All "oil" adjuvants approved for humans are oil-in-water. They adsorb antigens to their surface and induce immune cell recruitment. All of these human-approved O/W adjuvants use squalene, an oil produced by human liver and skin. MF59 is an oil-in-water emulsion of squalene adjuvant used in some human vaccines. As of 2021, over 22 million doses of one vaccine with squalene, FLUAD, have been administered with no severe adverse effects reported. In addition, squalene-based O/W emulsions have also been shown to stably incorporate small molecule TLR7/8 adjuvants (e.g.
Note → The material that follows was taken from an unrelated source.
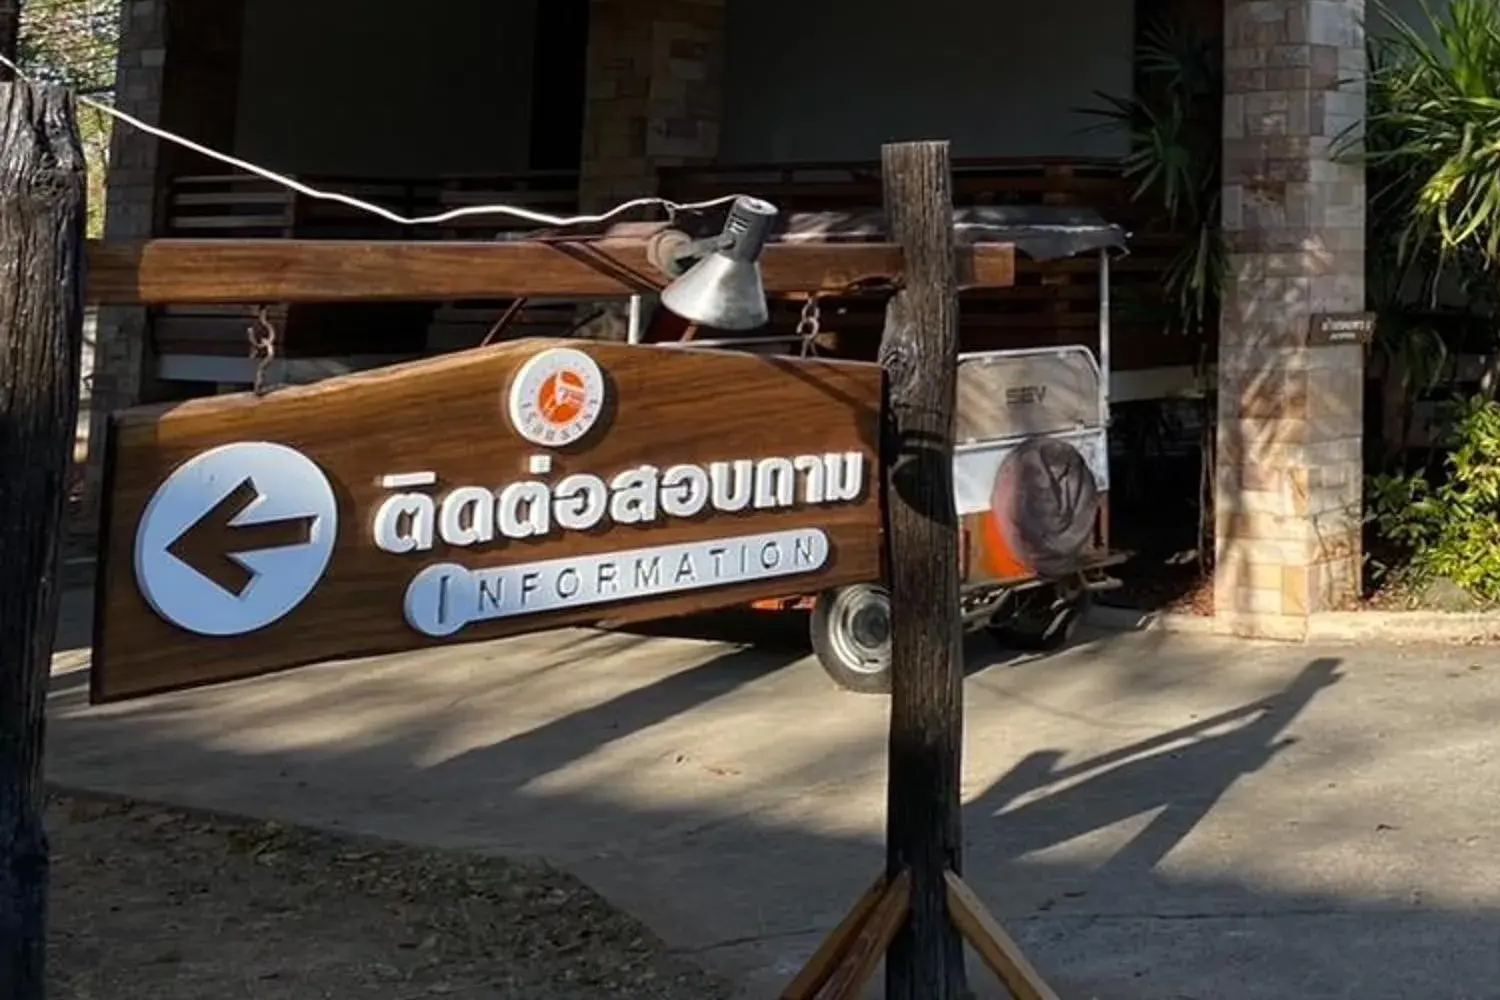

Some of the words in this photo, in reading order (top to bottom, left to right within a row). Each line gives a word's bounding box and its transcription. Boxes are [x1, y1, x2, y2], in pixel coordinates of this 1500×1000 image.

[374, 452, 862, 553] ติดต่อสอบถาม
[437, 536, 814, 625] INFORMATION
PVP-037) and lead to enhanced adjuvanticity via synergism.

An interesting choice of oil in O/W emusions is vitamin E. The α-tocopheryl acetate form can replace the mineral oil in Fruend's adjuvants and is generally very efficacious in animals. The related α-tocopherol is used in AS03 in addition to squalene. Just as its makers had hoped, the AS03-based flu vaccine strong immunity despite using very little antigen; but the same vaccine also caused narcolepsy in a very small amount of people, all sharing one specific gene variant.

O/W emulsions need to be stabilized so they do not revert into one large blob of oil. The more common way is by using a surfactant such as Tween-80. Another way is to use an aluminum microgel.

==== Liposomes ====
Much like the droplets in an emulsion, liposomes are created when watery and oily things mix. However, they are made from phospholipids, which unlike other oil have a water-loving "head" part. This allows it to form lipid bilayers similar to cell membranes. When it encloses a aqueous volume, the result is a liposome.

The plant extract QS-21 is a liposome loaded with saponins extracted from the tree Quillaja saponaria.

The combination of QS-21, cholesterol and MPL forms the liposome adjuvant AS01 which is used in the Shingrix vaccine approved in 2017, as well as in the approved malaria vaccine Mosquirix.

==== Others ====

Monophosphoryl lipid A (MPL), a detoxified version of the lipopolysaccharide toxin from the bacterium Salmonella Minnesota, interacts with the receptor TLR4 to enhance immune response.

Several unmethylated cytosine phosphoguanosine (CpG) oligonucleotides activate the TLR9 receptor that is present in a number of cell types of the immune system. The adjuvant CpG 1018 is used in an approved Hepatitis B vaccine.

The adjuvant Matrix-M is an immune stimulating complex (ISCOM; a specific patented kind of liposome) consisting of nanospheres made of QS-21, cholesterol and phospholipids. It is used in the approved Novavax Covid-19 vaccine and in the malaria vaccine R21/Matrix-M.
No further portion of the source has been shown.